Excerpted data =
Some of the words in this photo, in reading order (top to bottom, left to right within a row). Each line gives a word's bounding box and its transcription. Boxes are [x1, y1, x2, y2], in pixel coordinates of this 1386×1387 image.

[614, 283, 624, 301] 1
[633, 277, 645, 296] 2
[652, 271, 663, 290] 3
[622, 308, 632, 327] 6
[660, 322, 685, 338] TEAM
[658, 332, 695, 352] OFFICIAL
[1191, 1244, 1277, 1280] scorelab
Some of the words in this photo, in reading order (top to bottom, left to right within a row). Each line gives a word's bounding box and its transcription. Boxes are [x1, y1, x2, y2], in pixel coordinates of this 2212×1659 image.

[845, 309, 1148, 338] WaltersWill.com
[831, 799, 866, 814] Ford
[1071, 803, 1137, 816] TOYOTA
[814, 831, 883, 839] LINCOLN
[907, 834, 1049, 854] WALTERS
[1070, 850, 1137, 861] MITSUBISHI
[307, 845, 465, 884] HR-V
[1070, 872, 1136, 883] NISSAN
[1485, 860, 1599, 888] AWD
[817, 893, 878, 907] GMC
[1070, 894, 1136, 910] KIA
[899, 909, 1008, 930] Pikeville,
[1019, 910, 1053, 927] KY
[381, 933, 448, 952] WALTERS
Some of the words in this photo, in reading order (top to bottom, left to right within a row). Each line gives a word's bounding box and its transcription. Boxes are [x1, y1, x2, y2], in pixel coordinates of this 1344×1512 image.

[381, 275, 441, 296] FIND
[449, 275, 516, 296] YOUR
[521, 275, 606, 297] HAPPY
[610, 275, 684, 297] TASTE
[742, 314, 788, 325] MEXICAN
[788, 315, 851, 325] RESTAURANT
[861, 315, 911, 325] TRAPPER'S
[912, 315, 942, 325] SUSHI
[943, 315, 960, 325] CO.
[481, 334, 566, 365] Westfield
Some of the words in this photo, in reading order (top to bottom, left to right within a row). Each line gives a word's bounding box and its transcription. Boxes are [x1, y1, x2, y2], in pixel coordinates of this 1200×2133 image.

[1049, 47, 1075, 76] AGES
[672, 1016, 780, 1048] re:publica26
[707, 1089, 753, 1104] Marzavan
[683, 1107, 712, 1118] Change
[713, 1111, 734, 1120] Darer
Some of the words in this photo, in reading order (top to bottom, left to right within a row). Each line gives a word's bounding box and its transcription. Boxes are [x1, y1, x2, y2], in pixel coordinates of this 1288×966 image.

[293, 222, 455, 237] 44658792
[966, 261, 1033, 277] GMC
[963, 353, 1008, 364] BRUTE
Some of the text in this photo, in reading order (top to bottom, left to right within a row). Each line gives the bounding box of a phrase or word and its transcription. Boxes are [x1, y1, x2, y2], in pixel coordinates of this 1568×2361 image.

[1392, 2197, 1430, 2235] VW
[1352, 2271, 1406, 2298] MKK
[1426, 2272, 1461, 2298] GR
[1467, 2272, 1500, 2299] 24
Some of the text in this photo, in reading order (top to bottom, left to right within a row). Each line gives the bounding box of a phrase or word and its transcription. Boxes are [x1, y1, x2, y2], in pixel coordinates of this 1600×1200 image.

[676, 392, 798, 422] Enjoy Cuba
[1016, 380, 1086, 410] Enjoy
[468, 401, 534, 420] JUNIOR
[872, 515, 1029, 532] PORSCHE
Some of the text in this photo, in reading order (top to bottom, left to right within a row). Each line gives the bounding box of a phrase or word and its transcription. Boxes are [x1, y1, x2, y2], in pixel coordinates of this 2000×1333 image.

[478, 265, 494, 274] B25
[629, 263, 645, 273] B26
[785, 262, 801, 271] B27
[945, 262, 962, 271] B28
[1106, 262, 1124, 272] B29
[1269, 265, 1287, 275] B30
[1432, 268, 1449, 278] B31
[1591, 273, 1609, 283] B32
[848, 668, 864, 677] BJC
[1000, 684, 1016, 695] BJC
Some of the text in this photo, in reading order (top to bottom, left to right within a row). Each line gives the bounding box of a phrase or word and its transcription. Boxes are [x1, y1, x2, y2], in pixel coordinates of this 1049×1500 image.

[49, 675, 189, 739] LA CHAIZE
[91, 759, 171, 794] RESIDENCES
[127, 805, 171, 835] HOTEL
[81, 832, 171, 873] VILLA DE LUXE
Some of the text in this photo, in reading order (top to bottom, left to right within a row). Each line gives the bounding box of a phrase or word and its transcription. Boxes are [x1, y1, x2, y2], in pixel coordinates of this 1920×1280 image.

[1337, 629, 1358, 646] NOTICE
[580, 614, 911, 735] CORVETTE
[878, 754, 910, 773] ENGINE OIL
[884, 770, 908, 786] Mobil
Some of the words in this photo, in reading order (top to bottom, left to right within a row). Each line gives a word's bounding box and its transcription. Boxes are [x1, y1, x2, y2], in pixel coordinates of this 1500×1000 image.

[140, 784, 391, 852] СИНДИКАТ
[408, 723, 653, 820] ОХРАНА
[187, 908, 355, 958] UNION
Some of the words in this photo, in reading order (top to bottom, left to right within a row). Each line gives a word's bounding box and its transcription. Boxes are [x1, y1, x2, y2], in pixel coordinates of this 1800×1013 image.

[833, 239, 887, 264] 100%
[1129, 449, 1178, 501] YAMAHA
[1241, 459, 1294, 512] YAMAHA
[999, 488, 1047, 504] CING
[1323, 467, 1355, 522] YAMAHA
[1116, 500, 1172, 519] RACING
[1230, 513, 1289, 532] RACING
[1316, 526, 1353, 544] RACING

What needs to be done = Each entry in the listing is to be copied exactly.

Solution for this task =
Some of the words in this photo, in reading order (top to bottom, left to right within a row). Each line gives a word's bounding box and its transcription. Boxes are [x1, y1, x2, y2], in pixel coordinates of this 1386×1387 image.

[614, 283, 624, 301] 1
[633, 277, 645, 296] 2
[652, 271, 663, 290] 3
[622, 308, 632, 327] 6
[660, 322, 685, 338] TEAM
[658, 332, 695, 352] OFFICIAL
[1191, 1244, 1277, 1280] scorelab
Some of the words in this photo, in reading order (top to bottom, left to right within a row). Each line gives a word's bounding box and its transcription. Boxes are [x1, y1, x2, y2], in pixel coordinates of this 2212×1659 image.

[845, 309, 1148, 338] WaltersWill.com
[831, 799, 866, 814] Ford
[1071, 803, 1137, 816] TOYOTA
[814, 831, 883, 839] LINCOLN
[907, 834, 1049, 854] WALTERS
[1070, 850, 1137, 861] MITSUBISHI
[307, 845, 465, 884] HR-V
[1070, 872, 1136, 883] NISSAN
[1485, 860, 1599, 888] AWD
[817, 893, 878, 907] GMC
[1070, 894, 1136, 910] KIA
[899, 909, 1008, 930] Pikeville,
[1019, 910, 1053, 927] KY
[381, 933, 448, 952] WALTERS
Some of the words in this photo, in reading order (top to bottom, left to right within a row). Each line gives a word's bounding box and its transcription. Boxes are [x1, y1, x2, y2], in pixel coordinates of this 1344×1512 image.

[381, 275, 441, 296] FIND
[449, 275, 516, 296] YOUR
[521, 275, 606, 297] HAPPY
[610, 275, 684, 297] TASTE
[742, 314, 788, 325] MEXICAN
[788, 315, 851, 325] RESTAURANT
[861, 315, 911, 325] TRAPPER'S
[912, 315, 942, 325] SUSHI
[943, 315, 960, 325] CO.
[481, 334, 566, 365] Westfield
Some of the words in this photo, in reading order (top to bottom, left to right within a row). Each line gives a word's bounding box and its transcription. Boxes are [x1, y1, x2, y2], in pixel coordinates of this 1200×2133 image.

[1049, 47, 1075, 76] AGES
[672, 1016, 780, 1048] re:publica26
[707, 1089, 753, 1104] Marzavan
[683, 1107, 712, 1118] Change
[713, 1111, 734, 1120] Darer
Some of the words in this photo, in reading order (top to bottom, left to right within a row). Each line gives a word's bounding box and its transcription. Boxes are [x1, y1, x2, y2], in pixel coordinates of this 1288×966 image.

[293, 222, 455, 237] 44658792
[966, 261, 1033, 277] GMC
[963, 353, 1008, 364] BRUTE
Some of the text in this photo, in reading order (top to bottom, left to right within a row). Each line gives the bounding box of a phrase or word and its transcription. Boxes are [x1, y1, x2, y2], in pixel coordinates of this 1568×2361 image.

[1392, 2197, 1430, 2235] VW
[1352, 2271, 1406, 2298] MKK
[1426, 2272, 1461, 2298] GR
[1467, 2272, 1500, 2299] 24
Some of the text in this photo, in reading order (top to bottom, left to right within a row). Each line gives the bounding box of a phrase or word and its transcription. Boxes are [x1, y1, x2, y2], in pixel coordinates of this 1600×1200 image.

[676, 392, 798, 422] Enjoy Cuba
[1016, 380, 1086, 410] Enjoy
[468, 401, 534, 420] JUNIOR
[872, 515, 1029, 532] PORSCHE
Some of the text in this photo, in reading order (top to bottom, left to right within a row). Each line gives the bounding box of a phrase or word and its transcription. Boxes are [x1, y1, x2, y2], in pixel coordinates of this 2000×1333 image.

[478, 265, 494, 274] B25
[629, 263, 645, 273] B26
[785, 262, 801, 271] B27
[945, 262, 962, 271] B28
[1106, 262, 1124, 272] B29
[1269, 265, 1287, 275] B30
[1432, 268, 1449, 278] B31
[1591, 273, 1609, 283] B32
[848, 668, 864, 677] BJC
[1000, 684, 1016, 695] BJC
Some of the text in this photo, in reading order (top to bottom, left to right within a row). Each line gives the bounding box of a phrase or word and its transcription. Boxes are [x1, y1, x2, y2], in pixel coordinates of this 1049×1500 image.

[49, 675, 189, 739] LA CHAIZE
[91, 759, 171, 794] RESIDENCES
[127, 805, 171, 835] HOTEL
[81, 832, 171, 873] VILLA DE LUXE
Some of the text in this photo, in reading order (top to bottom, left to right within a row). Each line gives the bounding box of a phrase or word and its transcription. Boxes are [x1, y1, x2, y2], in pixel coordinates of this 1920×1280 image.

[1337, 629, 1358, 646] NOTICE
[580, 614, 911, 735] CORVETTE
[878, 754, 910, 773] ENGINE OIL
[884, 770, 908, 786] Mobil
Some of the words in this photo, in reading order (top to bottom, left to right within a row). Each line gives a word's bounding box and its transcription. Boxes are [x1, y1, x2, y2], in pixel coordinates of this 1500×1000 image.

[140, 784, 391, 852] СИНДИКАТ
[408, 723, 653, 820] ОХРАНА
[187, 908, 355, 958] UNION
Some of the words in this photo, in reading order (top to bottom, left to right within a row). Each line gives a word's bounding box and its transcription. Boxes are [x1, y1, x2, y2], in pixel coordinates of this 1800×1013 image.

[833, 239, 887, 264] 100%
[1129, 449, 1178, 501] YAMAHA
[1241, 459, 1294, 512] YAMAHA
[999, 488, 1047, 504] CING
[1323, 467, 1355, 522] YAMAHA
[1116, 500, 1172, 519] RACING
[1230, 513, 1289, 532] RACING
[1316, 526, 1353, 544] RACING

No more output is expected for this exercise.